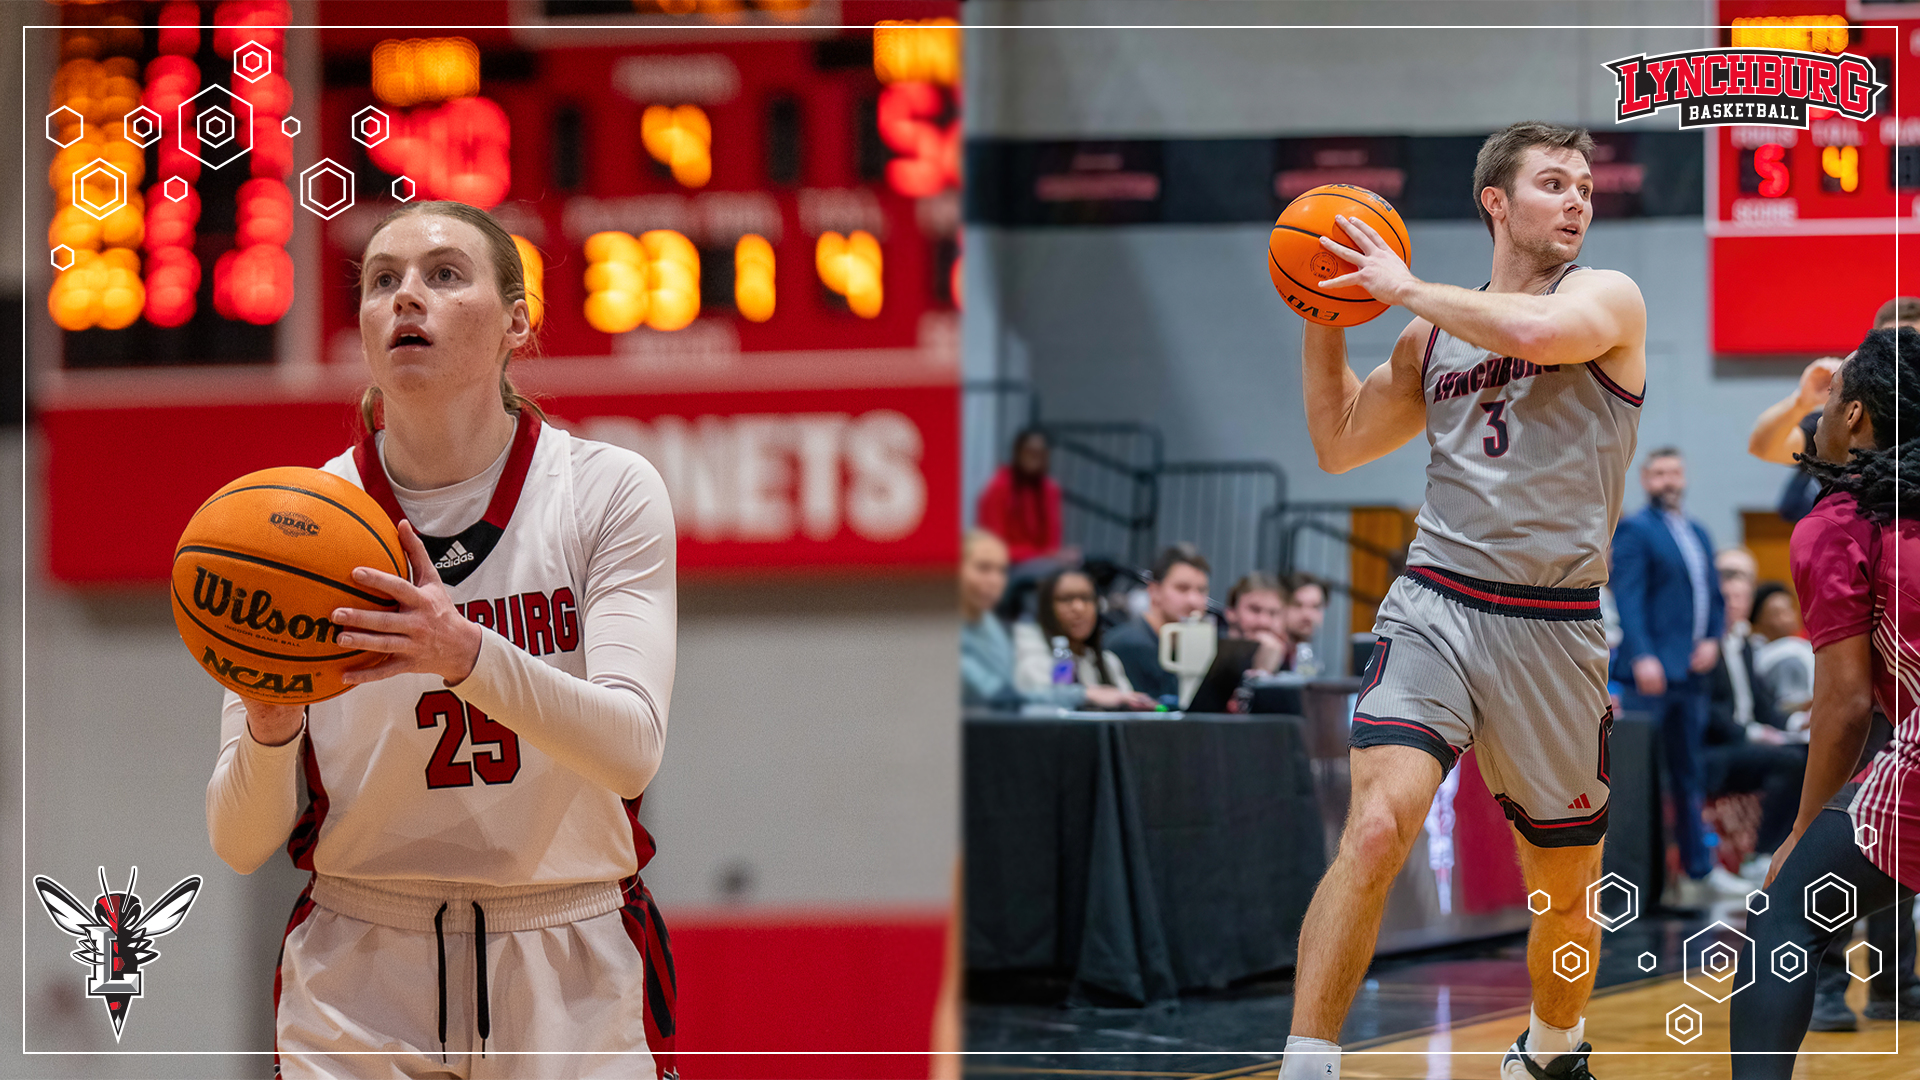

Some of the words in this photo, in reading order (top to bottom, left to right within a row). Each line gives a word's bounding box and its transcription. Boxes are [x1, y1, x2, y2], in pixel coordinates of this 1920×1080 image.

[1754, 143, 1790, 198] 5
[1822, 145, 1859, 193] 4
[1287, 294, 1340, 322] EVO
[1433, 356, 1560, 404] LYNCHBU
[1479, 399, 1510, 459] 3
[588, 410, 929, 541] NETS
[270, 513, 319, 535] ODAC
[435, 551, 475, 570] adidas
[193, 565, 344, 644] Wilson
[454, 586, 580, 657] BURG
[224, 624, 253, 637] INDOOR
[255, 634, 278, 643] GAME
[280, 640, 301, 648] BALL
[202, 645, 314, 694] NCAA
[415, 689, 521, 790] 25
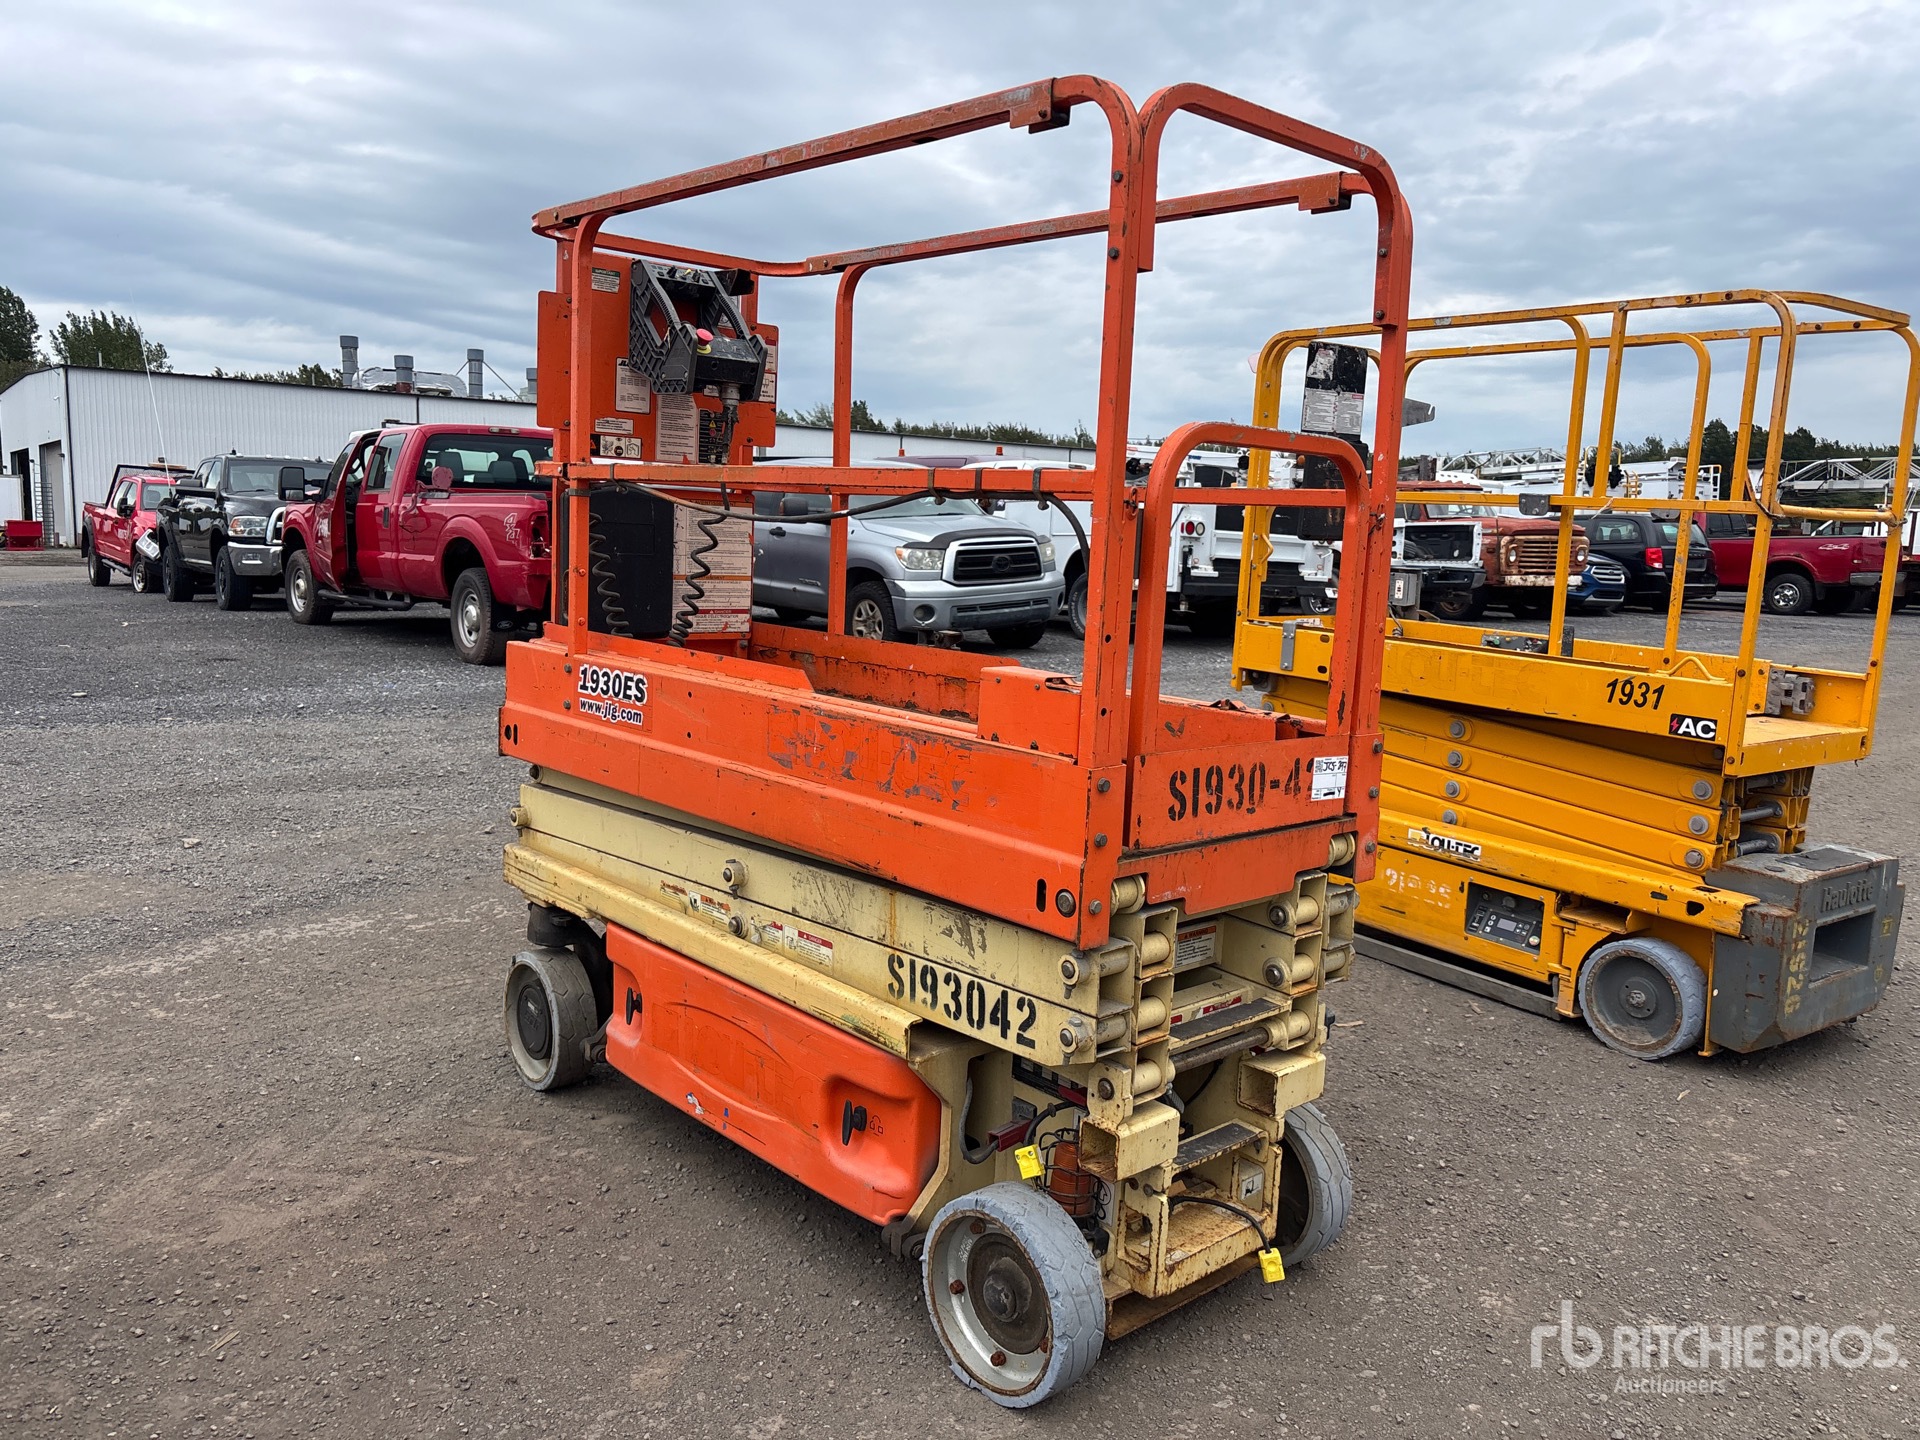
--------------------------------
INSTRUCTIONS TO FOLLOW: Each entry above is to be written out exactly. The pictures stay out.

THE COMPLETED TASK:
Some of the words in this photo, in reading order (top to bottom, left to right within a row). Each line gives a word's bounding box and its transcription. Boxes are [x1, y1, x2, y2], in pixel coordinates of this 1920×1080 image.

[1754, 143, 1790, 198] 5
[1822, 145, 1859, 193] 4
[1287, 294, 1340, 322] EVO
[1433, 356, 1560, 404] LYNCHBU
[1479, 399, 1510, 459] 3
[588, 410, 929, 541] NETS
[270, 513, 319, 535] ODAC
[435, 551, 475, 570] adidas
[193, 565, 344, 644] Wilson
[454, 586, 580, 657] BURG
[224, 624, 253, 637] INDOOR
[255, 634, 278, 643] GAME
[280, 640, 301, 648] BALL
[202, 645, 314, 694] NCAA
[415, 689, 521, 790] 25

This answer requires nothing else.